Nasza Loteria NaM - pasek na kartach artykułów

Ściągi w kanapkach i buraczkowy krawat Jana Miodka

Redakcja
Anna Kaczmarz, Polska Press
Profesorowi Janowi Miodkowi szczęście na maturze przyniósł krawat, wokalistka Anna Karwan zabrała ze sobą na egzamin słonika. Sprawdziliśmy, jak swoją maturę wspominają znane osoby?

4 maja w całej Polsce rozpoczęły się egzaminy dojrzałości. Matura to nie lada wyzwanie dla każdego ucznia, tym bardziej, że młodzi ludzie często muszą pogodzić naukę z pasją. Tak było na przykład z wokalistką Anną Karwan, finalistką programu „The Voice of Poland”, która musiała pogodzić przygotowania do egzaminów z pracą na scenie.

Anna Karwan
Adrian Wykrota, Polska Press

Anna Karwan, wokalistka

- Na egzaminie miałam przy sobie ściągi, czyli wielkie notatki, bo moim sposobem na naukę było przepisywanie wszystkiego po kilka razy - wspomina. - Ale ostatecznie ściągi okazały się niepotrzebne.
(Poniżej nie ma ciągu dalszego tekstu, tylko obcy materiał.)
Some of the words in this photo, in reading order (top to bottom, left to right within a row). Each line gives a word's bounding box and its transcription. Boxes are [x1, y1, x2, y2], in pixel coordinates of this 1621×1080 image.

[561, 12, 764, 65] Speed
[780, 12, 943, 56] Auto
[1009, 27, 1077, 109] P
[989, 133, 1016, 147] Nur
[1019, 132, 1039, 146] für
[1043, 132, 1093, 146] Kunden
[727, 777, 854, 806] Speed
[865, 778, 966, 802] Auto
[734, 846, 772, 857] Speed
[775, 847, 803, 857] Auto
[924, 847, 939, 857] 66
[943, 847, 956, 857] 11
Anna Karwan zdawała na maturze trzy przedmioty: język polski, język rosyjski i geografię. Już wtedy występowała na scenie i był to dla niej czas bardzo intensywnej pracy, a co za tym idzie - również stresu.

- Ponieważ pracowałam z Anią Dąbrowską i szykowaliśmy się do Festiwalu Piosenki w Opolu, przesunęłam maturę na inny dzień - wspomina wokalistka. - Zdawałam egzaminy z inną klasą, a kiedy okazało się, że zostałam zwolniona z zespołu Ani, największym stresem było dla mnie to, że nie mogłam zdawać matury ze swoimi kolegami - dodaje.
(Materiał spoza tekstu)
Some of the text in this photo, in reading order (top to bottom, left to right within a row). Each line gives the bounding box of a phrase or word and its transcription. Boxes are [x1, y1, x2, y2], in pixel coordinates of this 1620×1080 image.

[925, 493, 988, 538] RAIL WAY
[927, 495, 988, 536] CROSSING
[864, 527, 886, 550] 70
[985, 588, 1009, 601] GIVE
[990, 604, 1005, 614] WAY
Na szczęście nie było tak źle. Na egzaminy maturalne Anna Karwan zabrała ze sobą słonika, którego podarowała jej siostra oraz mnóstwo jedzenia. Wszystko po to, żeby opanować maturalny stres i dodać sobie energii. - Słonik siedzi do dzisiaj w pudełeczku, gdzie trzymam sentymentalne pamiątki z przeszłości - dodaje Ania.

Profesor Jan Miodek
Krzysztof Kapica, Polska Press

Prof. Jan Miodek, językoznawca

Prof. Jan Miodek, najsłynniejszy językoznawca w Polsce, wspomina, że na maturze miał pewne problemy z ortografią. - Pamiętam, jakby to było dziś - mówi. - Egzamin maturalny z języka polskiego pisałem na temat „Mądrość i dalekowzroczność polityczna przedstawicieli polskiego odrodzenia”. W pewnym momencie miałem wątpliwość, czy jeden wyraz pisze się przez „rz” czy przez „ż”. A były to czasy, kiedy jeden błąd ortograficzny mógł zaważyć na ocenie.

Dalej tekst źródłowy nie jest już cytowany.